## WORK REQUEST:
Would you print out all of the data exactly and keep the pictures out of it?

◇ ◇ ◇ ◇ ◇ ◇ ◇

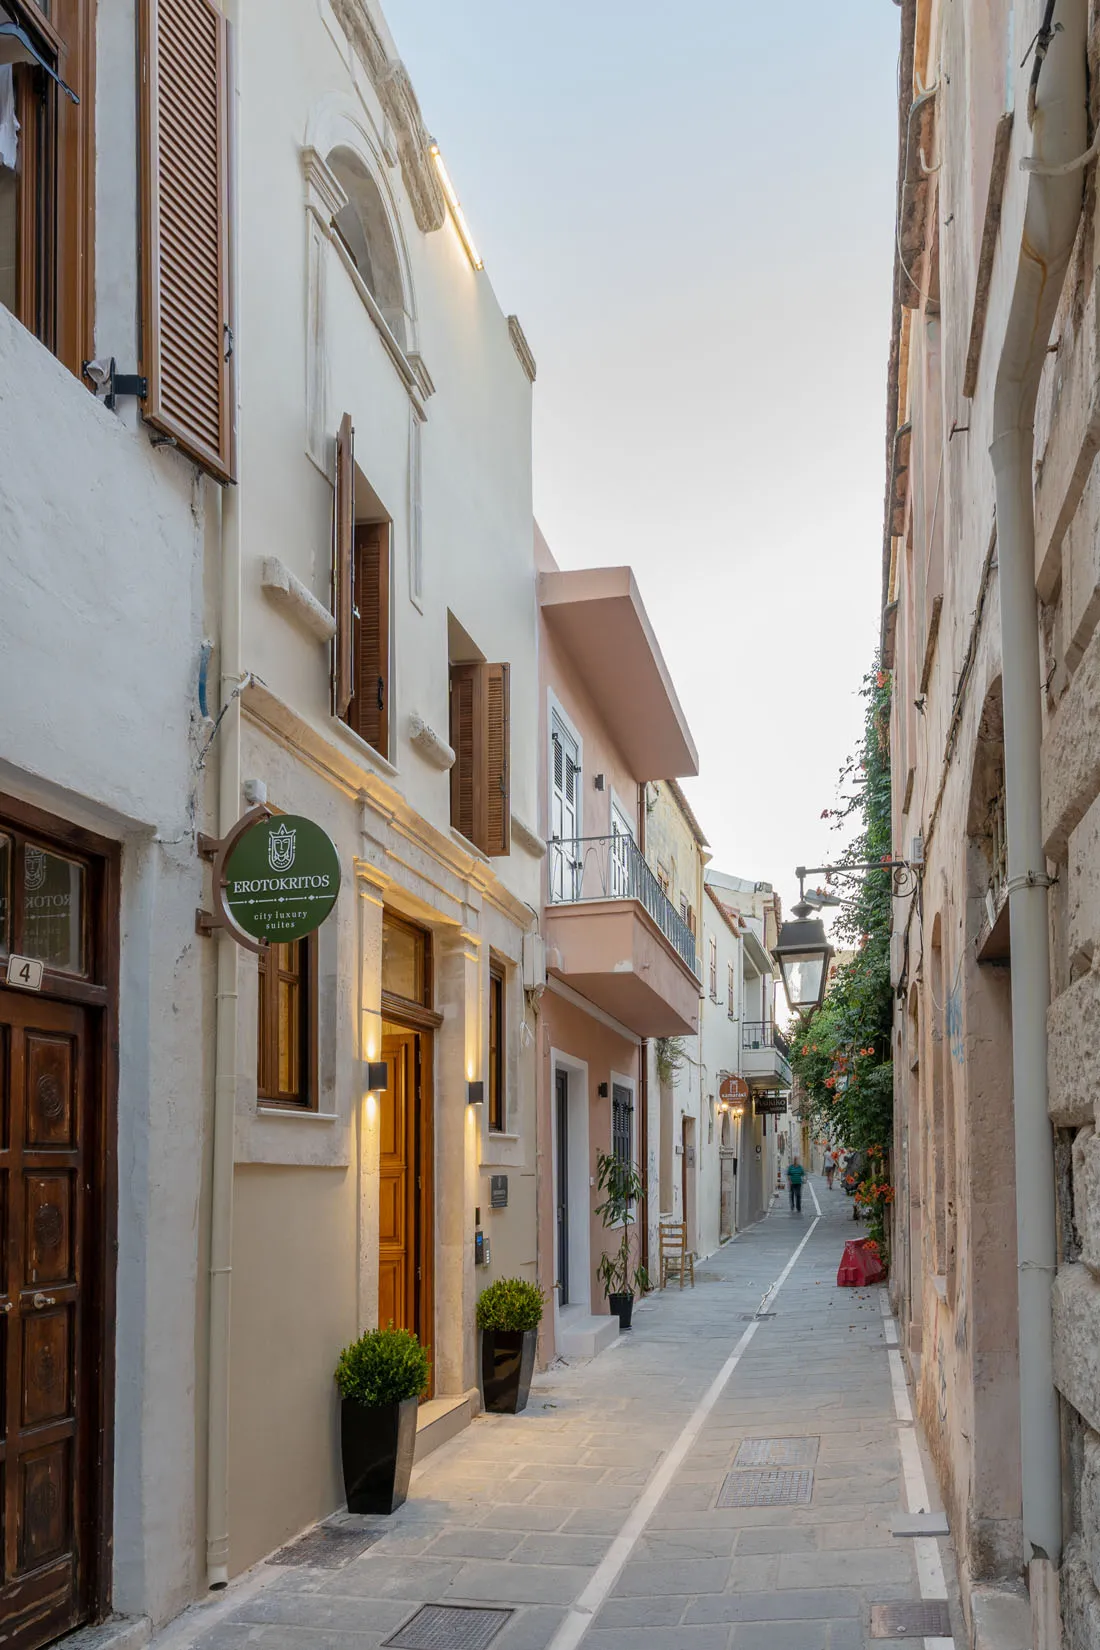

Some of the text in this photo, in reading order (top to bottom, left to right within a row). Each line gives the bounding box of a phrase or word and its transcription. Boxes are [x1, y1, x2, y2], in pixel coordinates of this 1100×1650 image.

[233, 875, 330, 893] EROTOKRITOS
[254, 910, 308, 921] city luxury
[266, 920, 295, 929] suites
[19, 963, 30, 982] 4

◇ ◇ ◇ ◇ ◇ ◇ ◇

## RESPONSE BOX:
Some of the text in this photo, in reading order (top to bottom, left to right within a row). Each line gives the bounding box of a phrase or word and its transcription. Boxes are [x1, y1, x2, y2], in pixel coordinates of this 1100×1650 image.

[233, 875, 330, 893] EROTOKRITOS
[254, 910, 308, 921] city luxury
[266, 920, 295, 929] suites
[19, 963, 30, 982] 4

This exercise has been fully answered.